El sable era como un rayo que caía de la nada y atravesaba el cuerpo de Ku Wuya. La sangre negra goteaba lentamente por él.
Lu Chen sostenía el sable. Había un par de alas de rayo en su espalda.
En este momento, incontables runas de rayo giraban dentro de esas alas, todas ellas contenían un poder que hacía temblar al mundo. Era completamente diferente del rayo ordinario, ya que poseía una voluntad de aniquilación, una que sacudió a los Señores Divinos.
Cuando este par de alas apareció, todo el rayo en las nubes negras desapareció, como si tuviera miedo.
"El aura de la tribulación celestial... ¿Cómo puede ser eso?" Los Señores Divinos miraban con asombro las alas de rayo de Lu Chen.
En el mundo inmortal, solo los Señores Divinos y superiores habían pasado por la tribulación, y solo ellos podían decir por qué el poder de estas alas de rayo se sentía tan familiar.
Los que estaban por debajo del reino de Señor Divino, ya sea en el reino de la Llama Divina o en el reino de las Cuatro Cumbres, no estaban calificados ni siquiera para someterse a la tribulación celestial. Pero justo en el reino de la Llama Divina, Lu Chen había enfrentado la tribulación celestial, casi perdiendo la vida.
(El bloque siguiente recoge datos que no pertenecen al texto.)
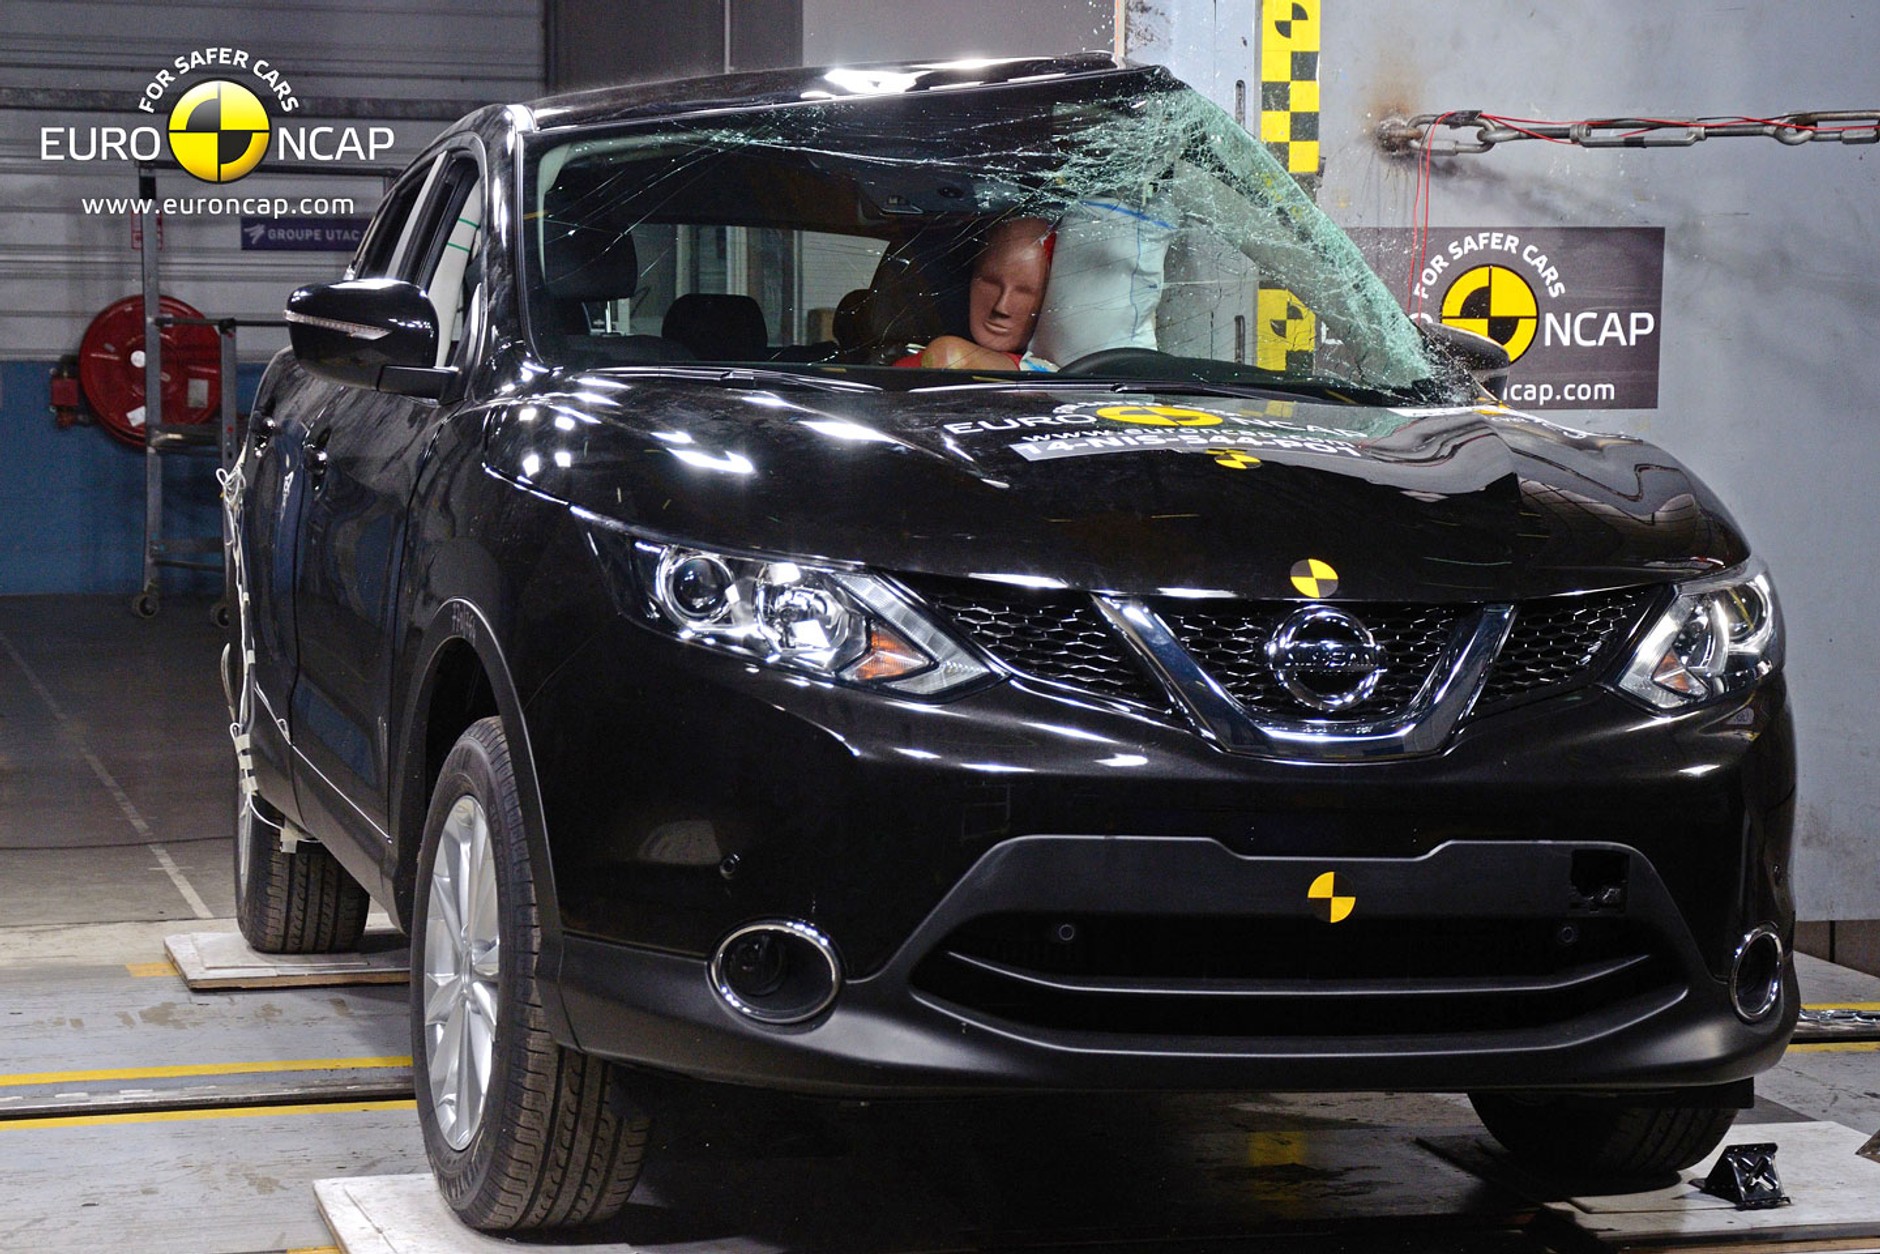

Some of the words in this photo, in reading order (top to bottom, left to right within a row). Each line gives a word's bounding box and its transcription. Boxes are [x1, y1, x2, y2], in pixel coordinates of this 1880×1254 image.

[267, 228, 323, 241] GROUPE
[325, 229, 360, 241] UTAC
[1413, 253, 1450, 300] FOR
[1447, 231, 1521, 261] SAFER
[1521, 244, 1566, 299] CARS
[1543, 311, 1656, 348] NCAP
[942, 413, 1098, 436] EURO
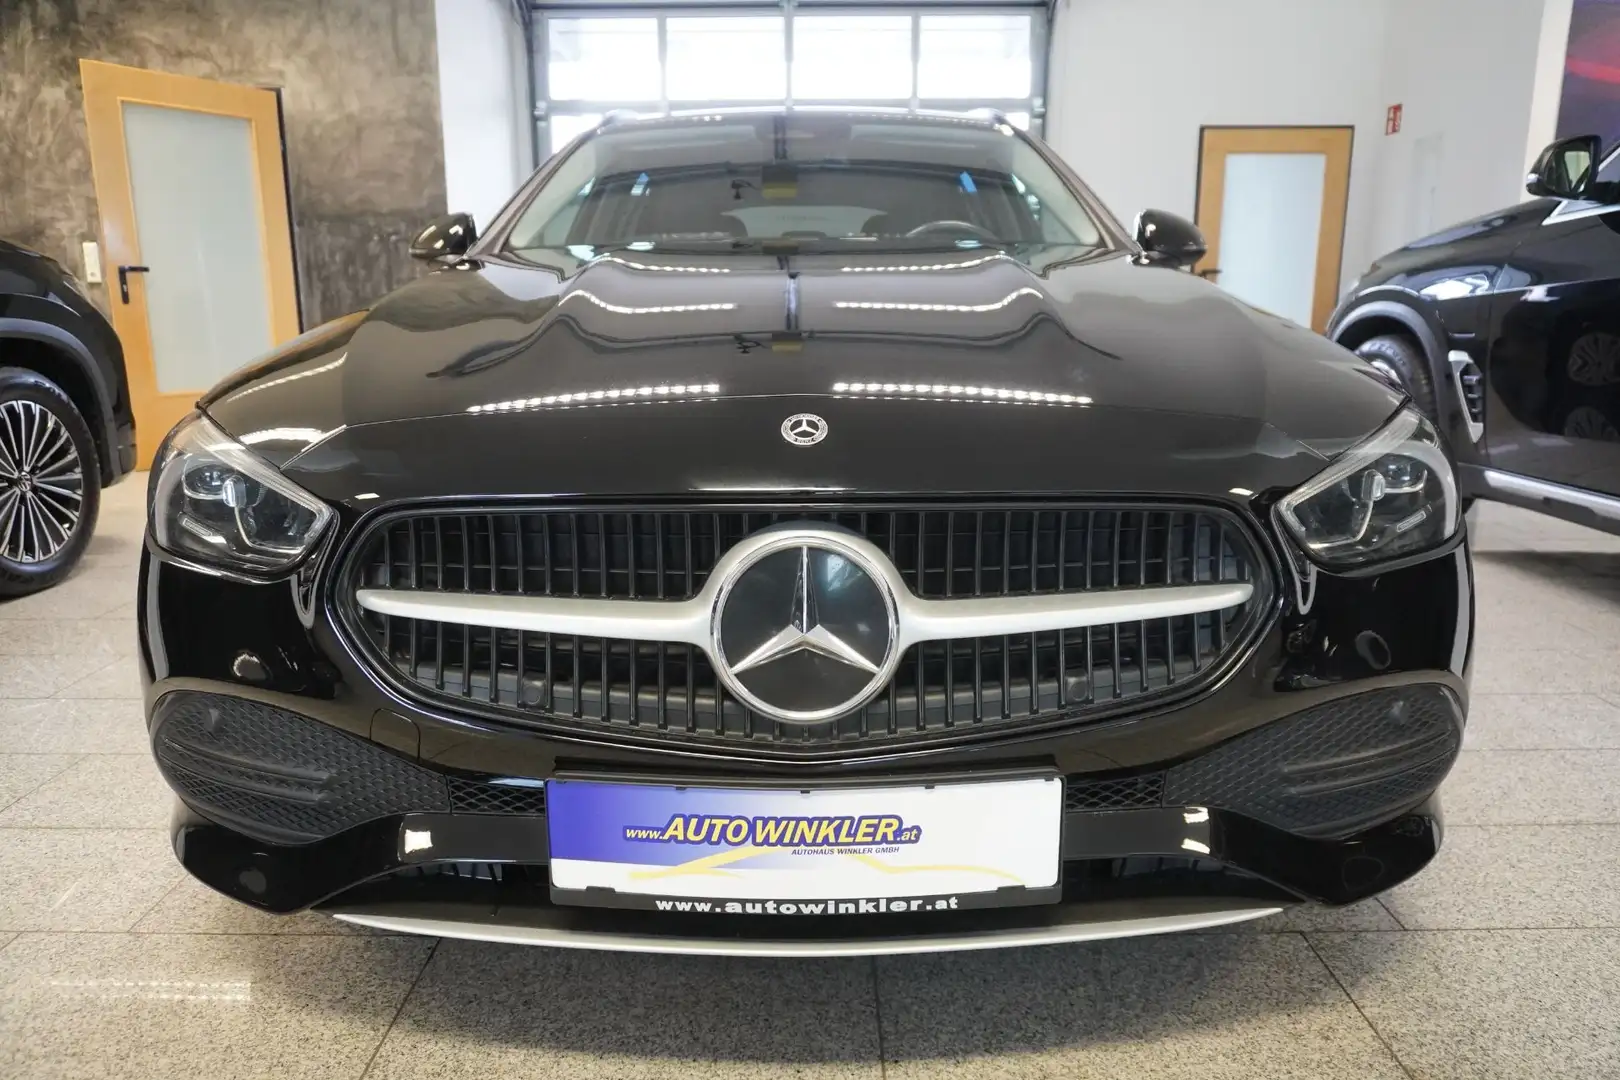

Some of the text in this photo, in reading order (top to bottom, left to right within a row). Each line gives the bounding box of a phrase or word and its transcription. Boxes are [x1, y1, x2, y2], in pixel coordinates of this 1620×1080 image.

Sin embargo, también se había beneficiado de ello porque Lei Long había absorbido el rayo inmortal. Aun así, las leyes en el mundo inmortal eran diferentes, por lo que el control de Lei Long sobre la fuerza del trueno era mucho inferior que cuando estaban en el mundo mortal.
Después, Lu Chen había ganado la convención de discusión del Dao, y el antiguo escenario le había dado el Resplandor del Rayo de la Exterminación del Mundo. Lu Chen luego había entrenado a Lei Long en esta técnica. Como un cuerpo espiritual de rayo, era capaz de comprender esta técnica cuando Lu Chen no podía.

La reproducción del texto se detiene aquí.